• _Requirement_: Produce a word-for-word copy of the listing below without its pictures.

• _Records for the exercise_:
════════
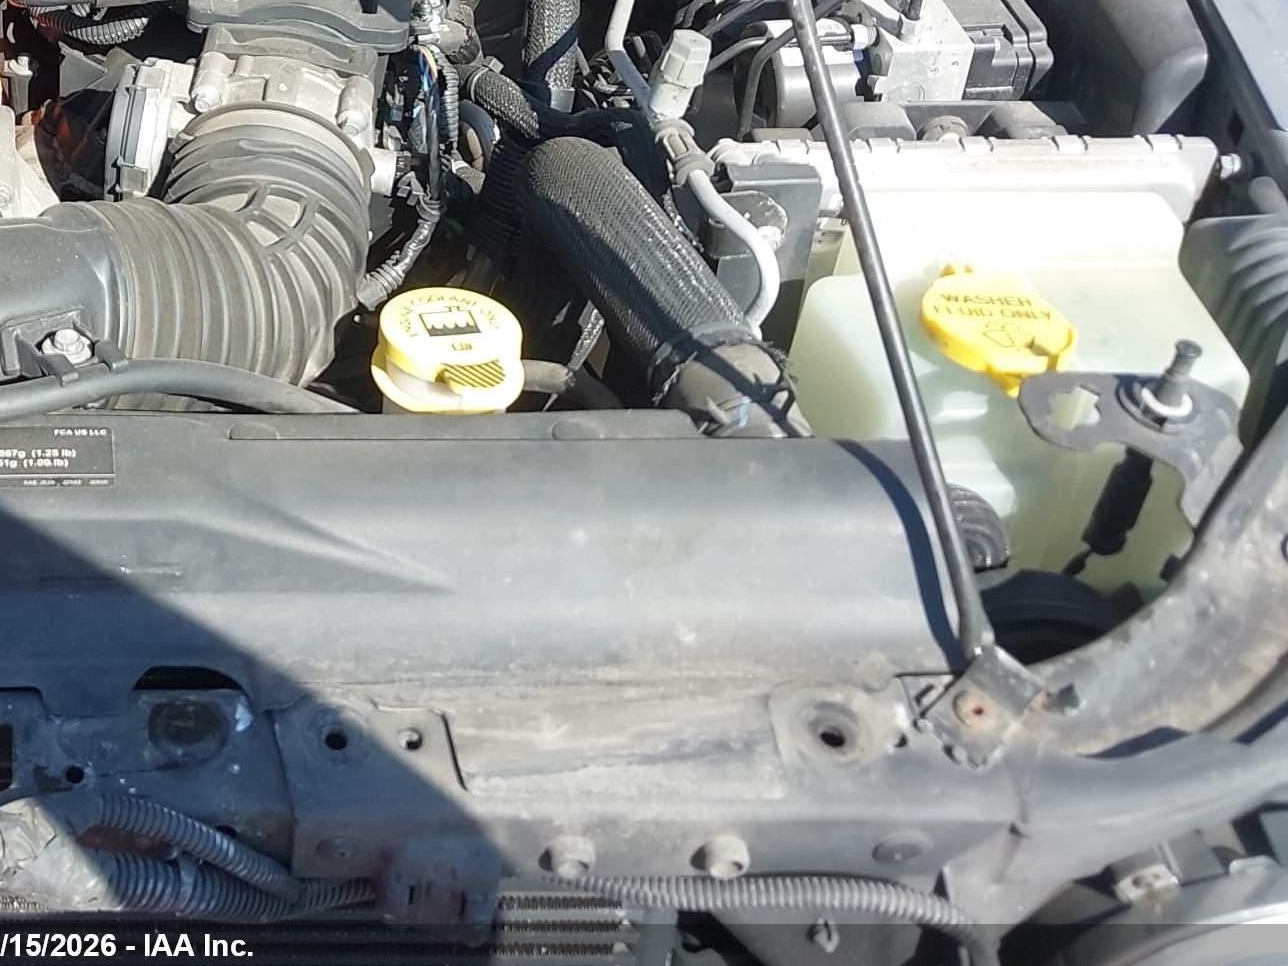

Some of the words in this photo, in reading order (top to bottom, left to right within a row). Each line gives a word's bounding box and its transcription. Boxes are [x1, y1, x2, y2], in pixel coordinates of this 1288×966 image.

[940, 293, 1032, 307] WASHER
[933, 304, 993, 317] FLUID
[1000, 308, 1051, 320] ONLY
[53, 428, 73, 436] FCA
[74, 428, 87, 436] US
[88, 428, 107, 436] LLC
[31, 448, 60, 458] (1.25
[61, 448, 77, 458] lb)
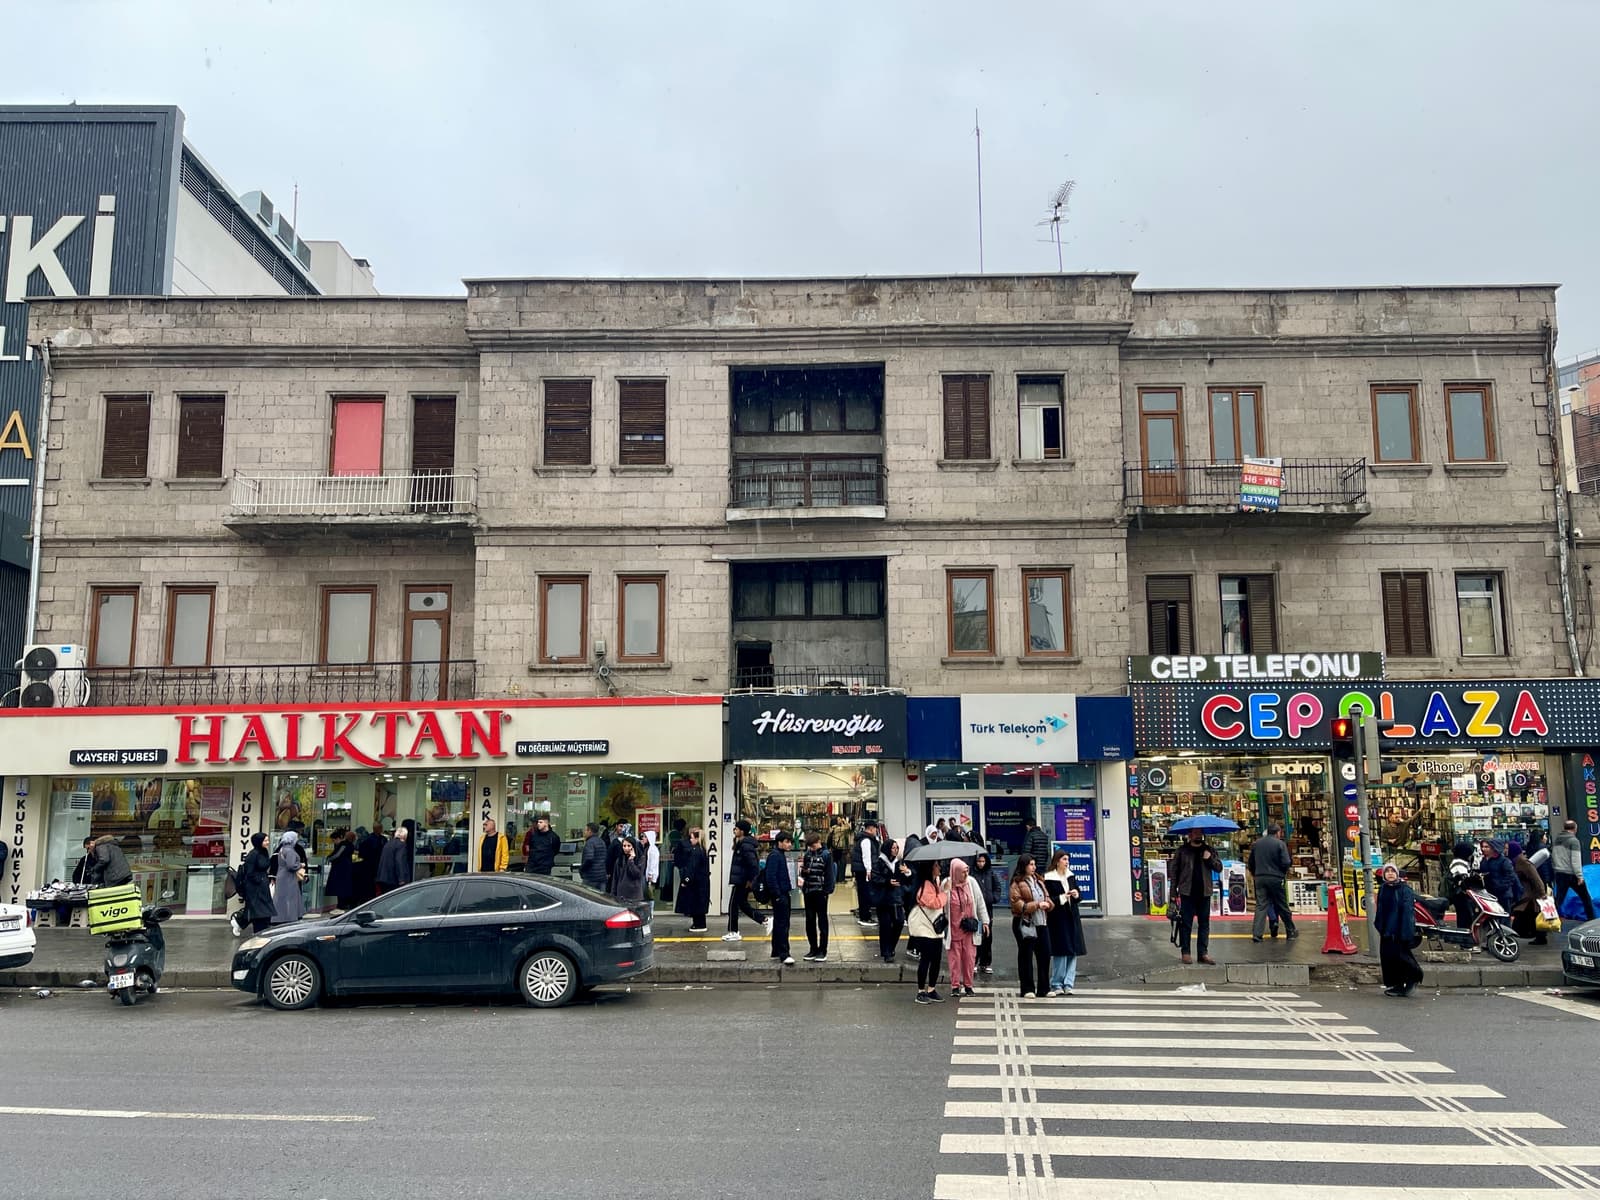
════════
• _Answer to this task_:
Some of the words in this photo, in reading order (top to bottom, left to right within a row). Each line gives a word's bounding box and its transcription. Boxes are [x1, y1, x2, y2], in pixel coordinates of this 1288×966 image.

[940, 293, 1032, 307] WASHER
[933, 304, 993, 317] FLUID
[1000, 308, 1051, 320] ONLY
[53, 428, 73, 436] FCA
[74, 428, 87, 436] US
[88, 428, 107, 436] LLC
[31, 448, 60, 458] (1.25
[61, 448, 77, 458] lb)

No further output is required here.